Unmanned Aerial Vehicles, more commonly known as UAVs or drones, have and are often associated with the military; is replacements for jet fighters, reconnaissance planes, etc. And in recent times we have been hearing discussions among African militaries about using surveillance drones to help them patrol their borders and vast open spaces.
But today, new ways of using drones have put previous perceptions of them to rest. Drones can actually be used to enhance economic development especially on the continent of Africa, where there are many infrastructural challenges and always some form of crisis. For example, in situations that involve refugees drones or “disaster drones” could monitor refugee flows or human rights abuses. Some countries are even using them to protect animals categorized as “endangered species.” An example of this can be found in South Africa where rangers are using small “eco-drones” over game reserves to watch over endangered rhinos.
Drones could be used to deliver medicines and drive economic growth, with cargo drones moving goods quickly and cheaply. Drones could be used to fly vaccines to village health clinics in temperature-controlled flying bins. This is also something the Gates Foundation and others are working on.

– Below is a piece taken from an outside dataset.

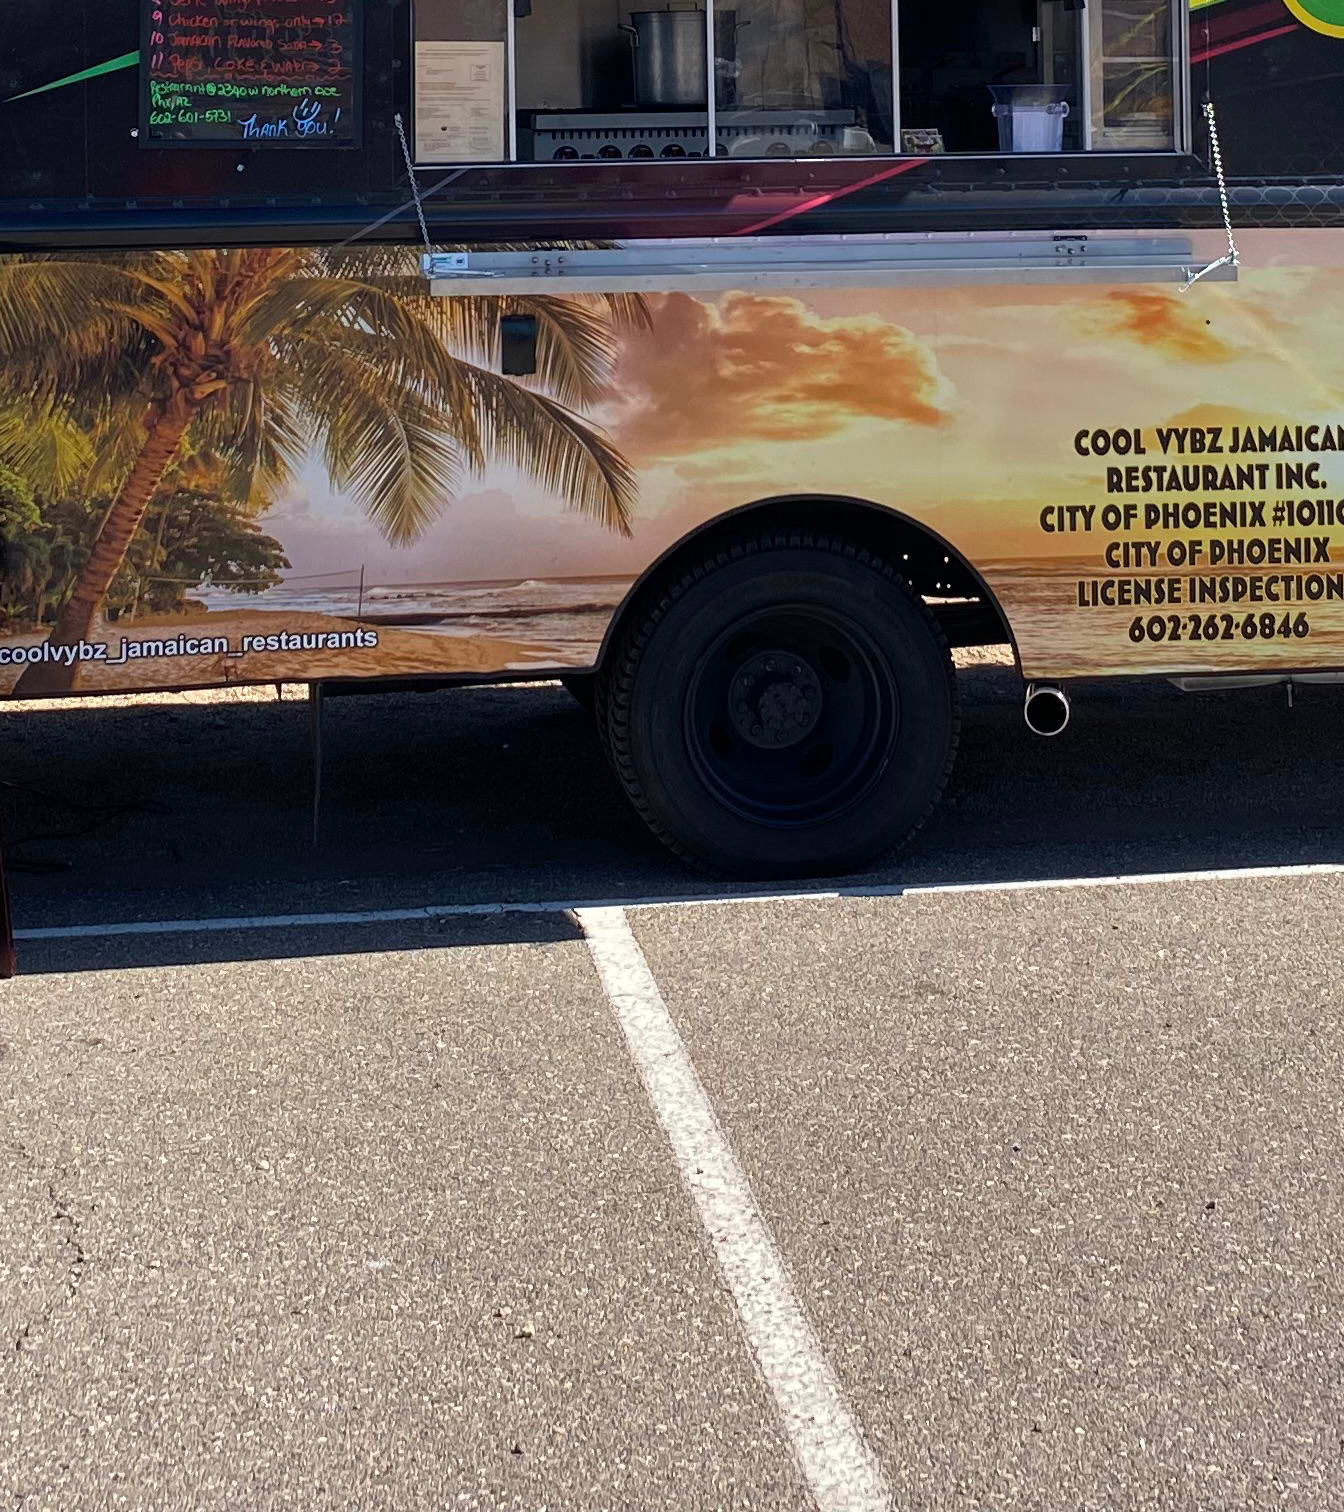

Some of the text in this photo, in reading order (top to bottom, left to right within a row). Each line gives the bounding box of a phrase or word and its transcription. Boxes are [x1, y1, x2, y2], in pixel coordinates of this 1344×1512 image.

A farmer engaged in agro-technology will not have to wait for weeks to have parts flown in when his/her tractor breaks down. With drones he/she can get the parts from Monrovia to the mechanic (in Butuo) in a few minutes thereby decreasing wait time.
Drones are not ubiquitous yet; in fact they are found in few parts of Africa. It may take some time for them to be found in many African countries but it seems we may not have to wait too long because engineers in Africa, have already started developing them. In Kenya, engineers have built drones intended to be used for several purposes: for surveillance purposes, for enhancing security, monitoring traffic, for journalism or photography, and many other purposes other for military or security purposes.
There are also a series of contests in Africa aimed at finding ways to improve drones and make them usable in civilian air space. The “Flying Donkey” Challenge which is expected to culminate in 2020, is one of the contests aimed at enhancing the use of drones in Africa.
Much work needs to be done to ensure that drones are prepared to be used in civilian air space. For example, there is still work that needs to be done to achieve the important “search and avoid” sensor capabilities that would keep these little flying vehicles from running into trees or each other. There are also regulatory issues that need to be addressed since very few African countries have comprehensive domestic legislation on privacy and data protection and information storage.
Changes in modern technology continue to bring a lot of changes and development in our societies and our cultures. While we will still need roads to transport (by land) goods to rural and inaccessible areas, Drones could help us solve many of the problems that our bad roads continue to present and help change the economic landscape.